*** Exercise data Section Begins ***
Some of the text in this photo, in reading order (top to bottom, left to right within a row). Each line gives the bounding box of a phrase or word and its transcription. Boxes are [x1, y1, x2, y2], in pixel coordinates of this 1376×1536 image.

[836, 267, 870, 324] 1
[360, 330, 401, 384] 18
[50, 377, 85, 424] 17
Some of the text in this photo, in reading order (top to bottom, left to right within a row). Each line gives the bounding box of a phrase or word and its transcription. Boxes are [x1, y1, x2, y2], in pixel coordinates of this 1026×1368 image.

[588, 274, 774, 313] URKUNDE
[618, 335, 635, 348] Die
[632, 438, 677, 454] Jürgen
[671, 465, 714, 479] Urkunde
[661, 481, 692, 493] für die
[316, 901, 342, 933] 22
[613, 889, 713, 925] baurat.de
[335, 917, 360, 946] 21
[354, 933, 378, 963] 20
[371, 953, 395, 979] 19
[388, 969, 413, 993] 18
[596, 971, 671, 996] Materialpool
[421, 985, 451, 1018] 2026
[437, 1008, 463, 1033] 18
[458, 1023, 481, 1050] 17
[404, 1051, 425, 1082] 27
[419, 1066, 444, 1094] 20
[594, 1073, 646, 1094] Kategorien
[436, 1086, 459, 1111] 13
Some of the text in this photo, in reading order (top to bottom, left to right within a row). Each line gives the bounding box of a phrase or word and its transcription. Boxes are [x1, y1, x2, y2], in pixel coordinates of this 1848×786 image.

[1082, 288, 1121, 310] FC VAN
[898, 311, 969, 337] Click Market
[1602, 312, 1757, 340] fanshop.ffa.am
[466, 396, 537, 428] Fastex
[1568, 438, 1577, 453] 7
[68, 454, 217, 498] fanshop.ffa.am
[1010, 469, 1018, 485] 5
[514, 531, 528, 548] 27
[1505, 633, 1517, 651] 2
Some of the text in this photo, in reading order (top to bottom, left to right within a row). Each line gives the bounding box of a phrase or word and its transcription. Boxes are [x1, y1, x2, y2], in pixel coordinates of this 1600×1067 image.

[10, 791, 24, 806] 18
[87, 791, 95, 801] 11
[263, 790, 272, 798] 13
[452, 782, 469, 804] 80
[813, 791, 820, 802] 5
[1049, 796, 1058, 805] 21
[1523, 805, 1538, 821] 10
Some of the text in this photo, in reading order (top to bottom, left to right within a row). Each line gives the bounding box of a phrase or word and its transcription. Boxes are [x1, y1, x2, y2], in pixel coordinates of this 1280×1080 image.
*** Exercise data Section Ends ***
- Exercise aim -
All entries above are to be reproduced exactly.

- Expected output -
Some of the text in this photo, in reading order (top to bottom, left to right within a row). Each line gives the bounding box of a phrase or word and its transcription. Boxes are [x1, y1, x2, y2], in pixel coordinates of this 1376×1536 image.

[836, 267, 870, 324] 1
[360, 330, 401, 384] 18
[50, 377, 85, 424] 17
Some of the text in this photo, in reading order (top to bottom, left to right within a row). Each line gives the bounding box of a phrase or word and its transcription. Boxes are [x1, y1, x2, y2], in pixel coordinates of this 1026×1368 image.

[588, 274, 774, 313] URKUNDE
[618, 335, 635, 348] Die
[632, 438, 677, 454] Jürgen
[671, 465, 714, 479] Urkunde
[661, 481, 692, 493] für die
[316, 901, 342, 933] 22
[613, 889, 713, 925] baurat.de
[335, 917, 360, 946] 21
[354, 933, 378, 963] 20
[371, 953, 395, 979] 19
[388, 969, 413, 993] 18
[596, 971, 671, 996] Materialpool
[421, 985, 451, 1018] 2026
[437, 1008, 463, 1033] 18
[458, 1023, 481, 1050] 17
[404, 1051, 425, 1082] 27
[419, 1066, 444, 1094] 20
[594, 1073, 646, 1094] Kategorien
[436, 1086, 459, 1111] 13
Some of the text in this photo, in reading order (top to bottom, left to right within a row). Each line gives the bounding box of a phrase or word and its transcription. Boxes are [x1, y1, x2, y2], in pixel coordinates of this 1848×786 image.

[1082, 288, 1121, 310] FC VAN
[898, 311, 969, 337] Click Market
[1602, 312, 1757, 340] fanshop.ffa.am
[466, 396, 537, 428] Fastex
[1568, 438, 1577, 453] 7
[68, 454, 217, 498] fanshop.ffa.am
[1010, 469, 1018, 485] 5
[514, 531, 528, 548] 27
[1505, 633, 1517, 651] 2
Some of the text in this photo, in reading order (top to bottom, left to right within a row). Each line gives the bounding box of a phrase or word and its transcription. Boxes are [x1, y1, x2, y2], in pixel coordinates of this 1600×1067 image.

[10, 791, 24, 806] 18
[87, 791, 95, 801] 11
[263, 790, 272, 798] 13
[452, 782, 469, 804] 80
[813, 791, 820, 802] 5
[1049, 796, 1058, 805] 21
[1523, 805, 1538, 821] 10
Some of the text in this photo, in reading order (top to bottom, left to right within a row). Each line gives the bounding box of a phrase or word and its transcription. Boxes are [x1, y1, x2, y2], in pixel coordinates of this 1280×1080 image.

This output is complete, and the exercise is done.